THE ENEMY WITHOUT AND WITHIN
Dr. Jean Nussbaum

ALTHOUGH there may not be fewer sick people now than in previous times, we must recognise that the nature of the diseases has changed considerably. To-day, infectious diseases such as typhoid, tetanus, and smallpox, are extremely rare. This is due to the considerable progress made by contemporary medicine and to new methods of treatment now available. Antiseptics, sulphonamides, antibiotics and vaccines work against the agents of infection and change recognized symptoms.

Degenerative or chronic diseases, on the other hand, are at present showing a marked tendency to increase, and occupy a predominant position. Heading the list of these diseases is cancer.

It was already known 1,500 years before Christ, and was called an ulcer. Hippocrates made a classification of ulcers 400 years before Christ.

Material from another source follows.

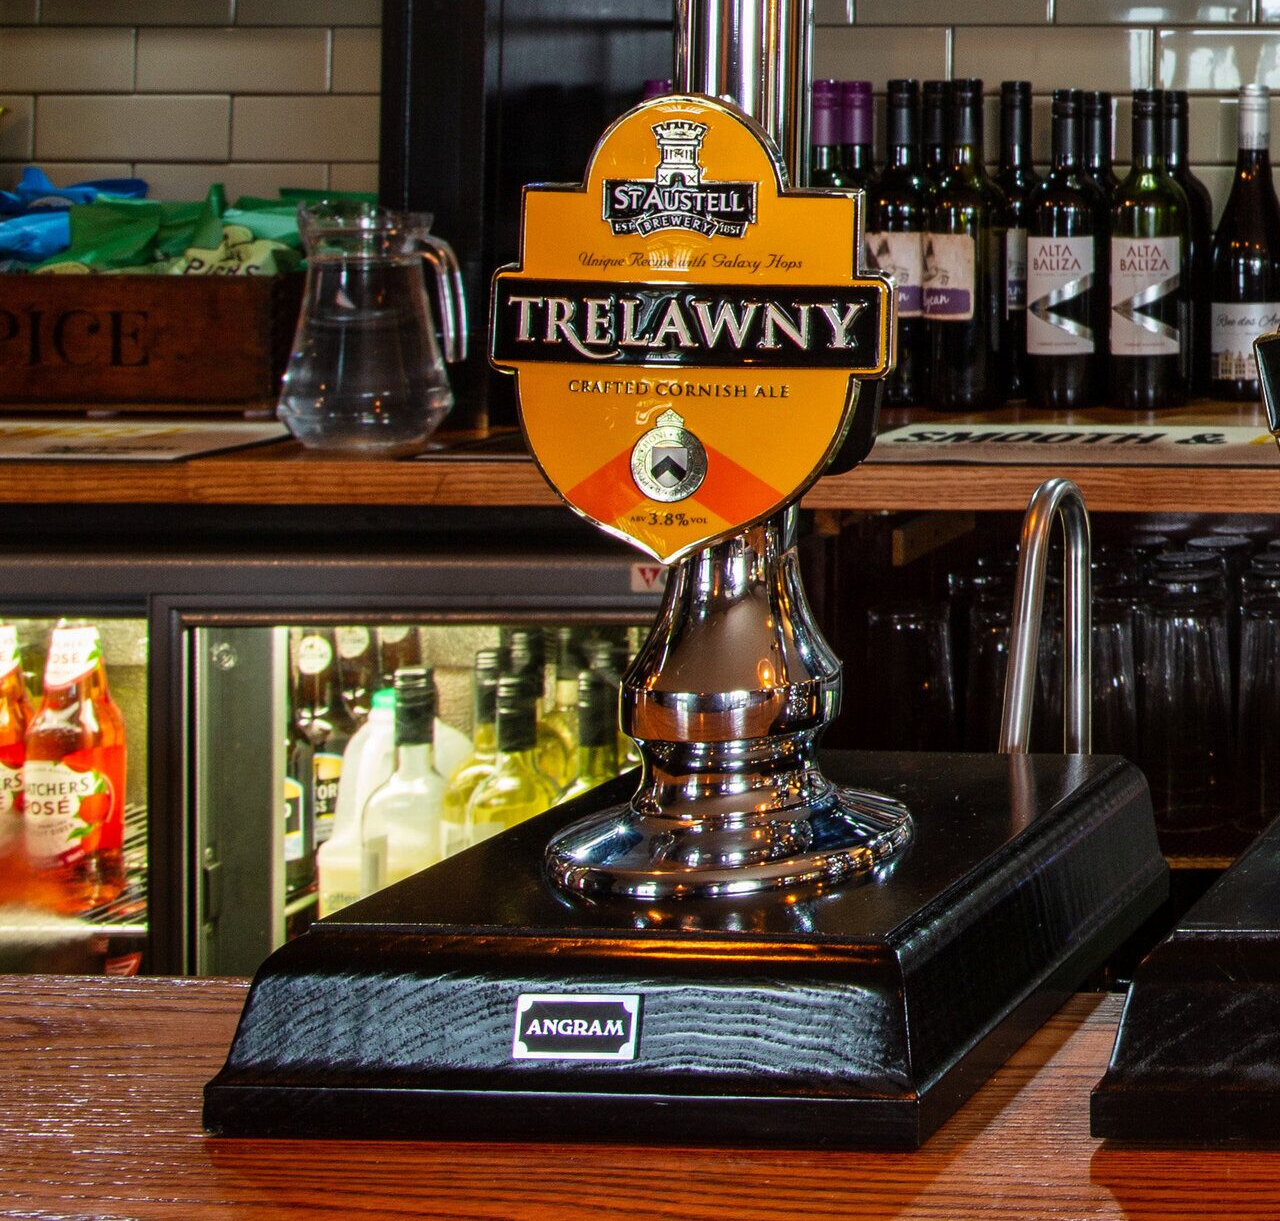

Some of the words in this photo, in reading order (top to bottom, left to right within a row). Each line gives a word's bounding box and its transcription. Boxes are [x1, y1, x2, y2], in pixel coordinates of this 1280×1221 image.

Cancer generally appears in the form of a tumour; there are benign ones which develop slowly and malignant ones which develop rapidly. The tumours of this second type are cancers. In the development of a cancer, the following process takes place: for some reason which we do not yet know, a cell begins to multiply abnormally and very rapidly indeed. The growth of this parasitic tissue compresses the organs and the other tissues, and, what is more serious, the tumour as it forms kills and poisons the neighbouring cells and tissues. Through the lymphatic vessels, cancerous cells can be carried far from the site of the tumour into other parts of the body where they may develop secondary, or metastatic, cancerous tumours. Hence the necessity of quickly determining the first source and eliminating it.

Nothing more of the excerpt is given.